On one level, this interpretation makes a lot of sense, especially after comments from pundits at certain points in the campaign, when it seemed to many people as if Mitt Romney was actively trying to lose the election. On the other hand, it seems like a convenient excuse for a poorly executed campaign that was littered with gaffes and missteps that seemed tone-deaf at the very least.
But, leaving that excuse-laden smell of, "Oh, he didn't really want to win", aside and assuming that this is true, that Mitt really didn't want to be president, there is a serious question to be asked:
Why, then, did he run?
It seems sort of counterintuitive that someone would take on the exhausting and expensive proposition of running for president just because one's spouse and child wants them to do it. Would you do that? Especially if, as Tagg describes his father, you are essentially a private person, made uncomfortable by the very idea of revealing your personal life to the world, would you do that? Would you spend your own money to do it? Would you feel comfortable going out and asking other people to sink their money into a campaign that you didn't really want to win? I don't think I could do that. I don't think an honest person could do that.
There are a couple of possibilities here. It's possible that Mitt, maybe with some persuasion from his family, decided that God wanted him to be president and, per the conventional attitude in the Church of Jesus Christ of Latter-Day Saints, one does not turn down a calling, because it is ultimately from God. On the other hand, Mitt could have decided that being president is the ultimate status symbol. Clearly, wealth and status are things that mean a lot to Mitt Romney, so this is a possibility.
As far as I'm concerned, neither one of these reasons are very good reasons to run for an office as important as the presidency, if one doesn't really want to hold that office.
I'm on record, here on this blog, I think, as beleiving that Mitt didn't want to be president so much as he wanted to be able to say he was president. We made a lot of fun of George W. Bush, when he was president, for his continual statements that being president was hard work, considering the fact that he never looked like he was working very hard at all. But the truth is, if you're doing it right, being the President of the United States is hard work.

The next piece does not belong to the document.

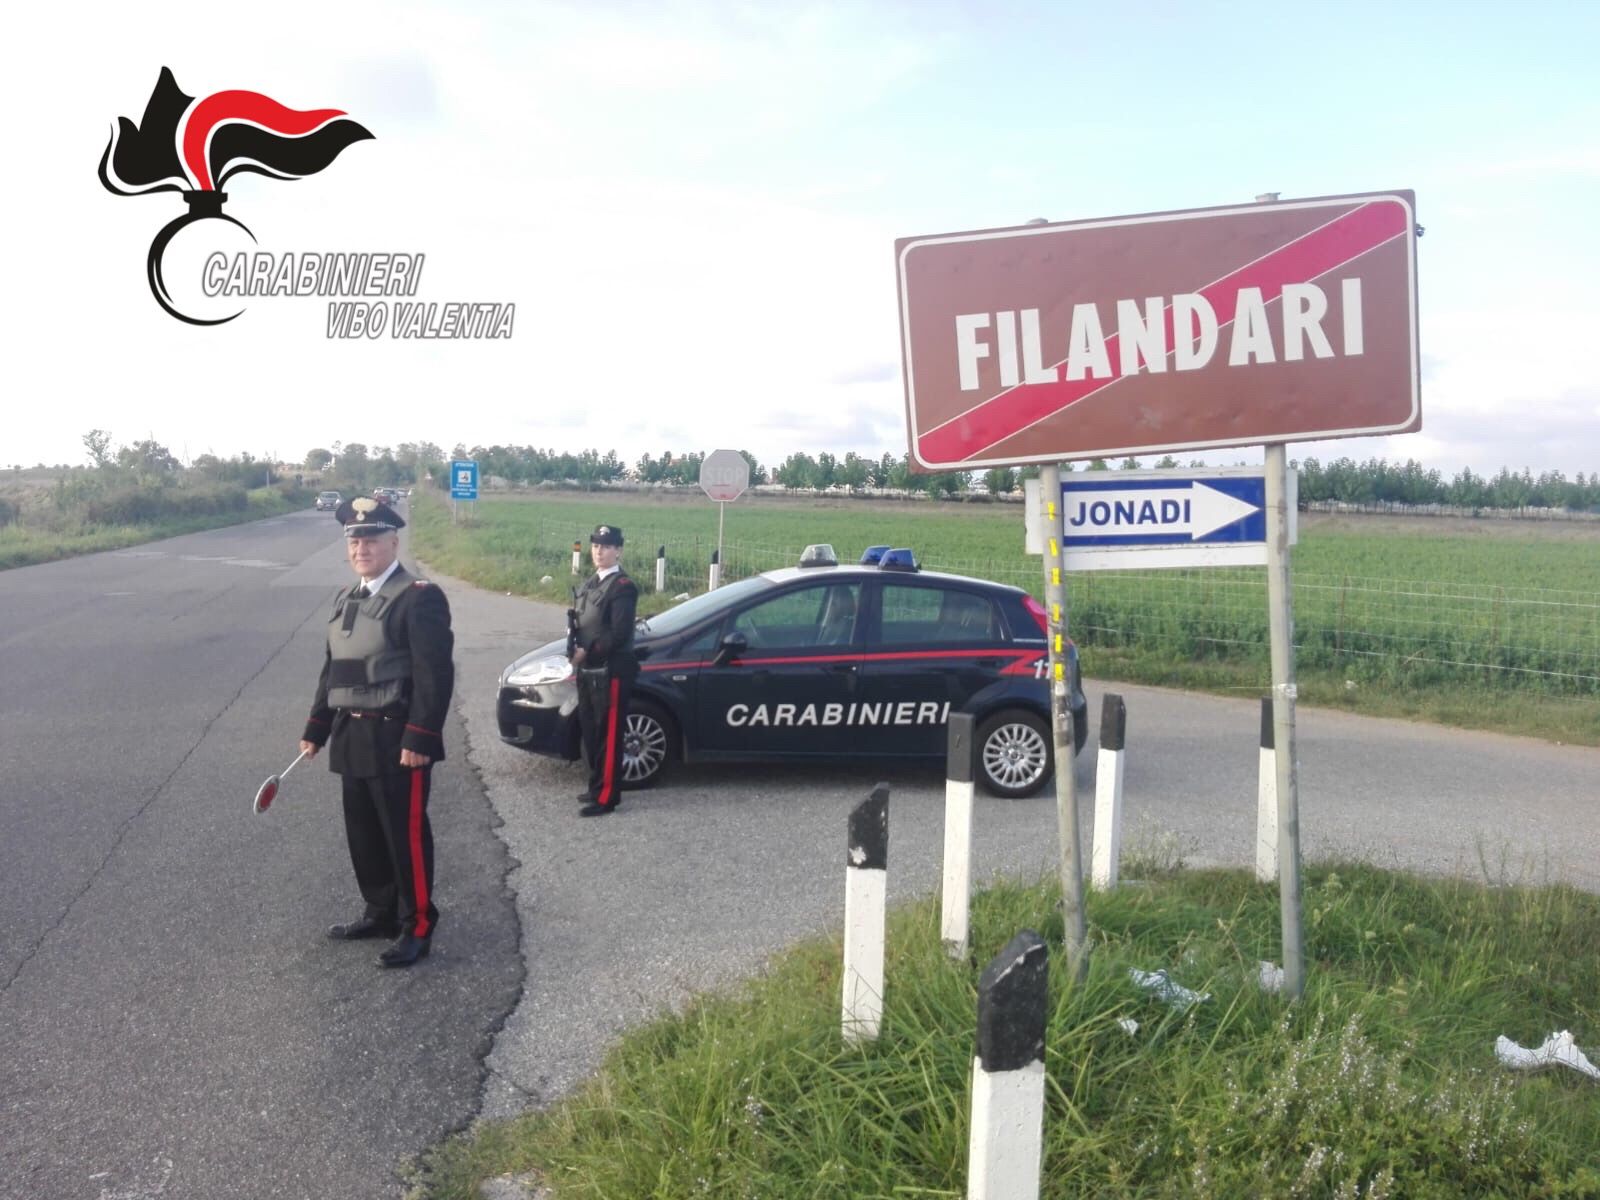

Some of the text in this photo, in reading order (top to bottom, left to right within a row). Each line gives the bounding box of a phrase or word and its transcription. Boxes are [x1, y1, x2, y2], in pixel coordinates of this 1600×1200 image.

You don't want someone in the office who isn't willing to put in the hard work necessary to run a large and powerful nation. I'm not convinced that, had he won, Mitt would have been willing to put in that work, especially in light of his son's contention that he didn't really want to be president in the first place.
In my opinion, going ahead and running for the office of president under these conditions is an insult to the American people.
Running because "God wants me to be president" isn't any better a reason, I don't think, even if the person running believes it to be true. It might even be a worse reason if the candidate believes that. This is not a theocracy; it is, depending on your political philosophy, a democracy or a republic (or a little of both). I don't want someone running the country who believes that his decisions are endorsed by his God. That attitude could lead to abuses all too easily.
Having said all this, however, I don't believe for a minute that Mitt Romney didn't want to run and didn't want to win. He might not have been interested of doing the hard work a president must do, but he wanted the status of the office, and he wanted to win very, very badly. If he hadn't wanted to win, he wouldn't have gone through that whole charade on election night of having his people raise the possibility of challenging the election results in one or more key states.
The whole question of whether or not Mitt wanted to run does bring up one chilling question, though. What if he had won? Would he have gone the Sarah Palin route and done what she did with the governorship of Alaska? When the charm had worn off of being president, when he realized that he would have had to work at the job, would he have just quit? And where would that have left the country, if he had done that?
I'll tell you where it would have left us. With Paul Ryan as president.
And that is a truly frightening prospect.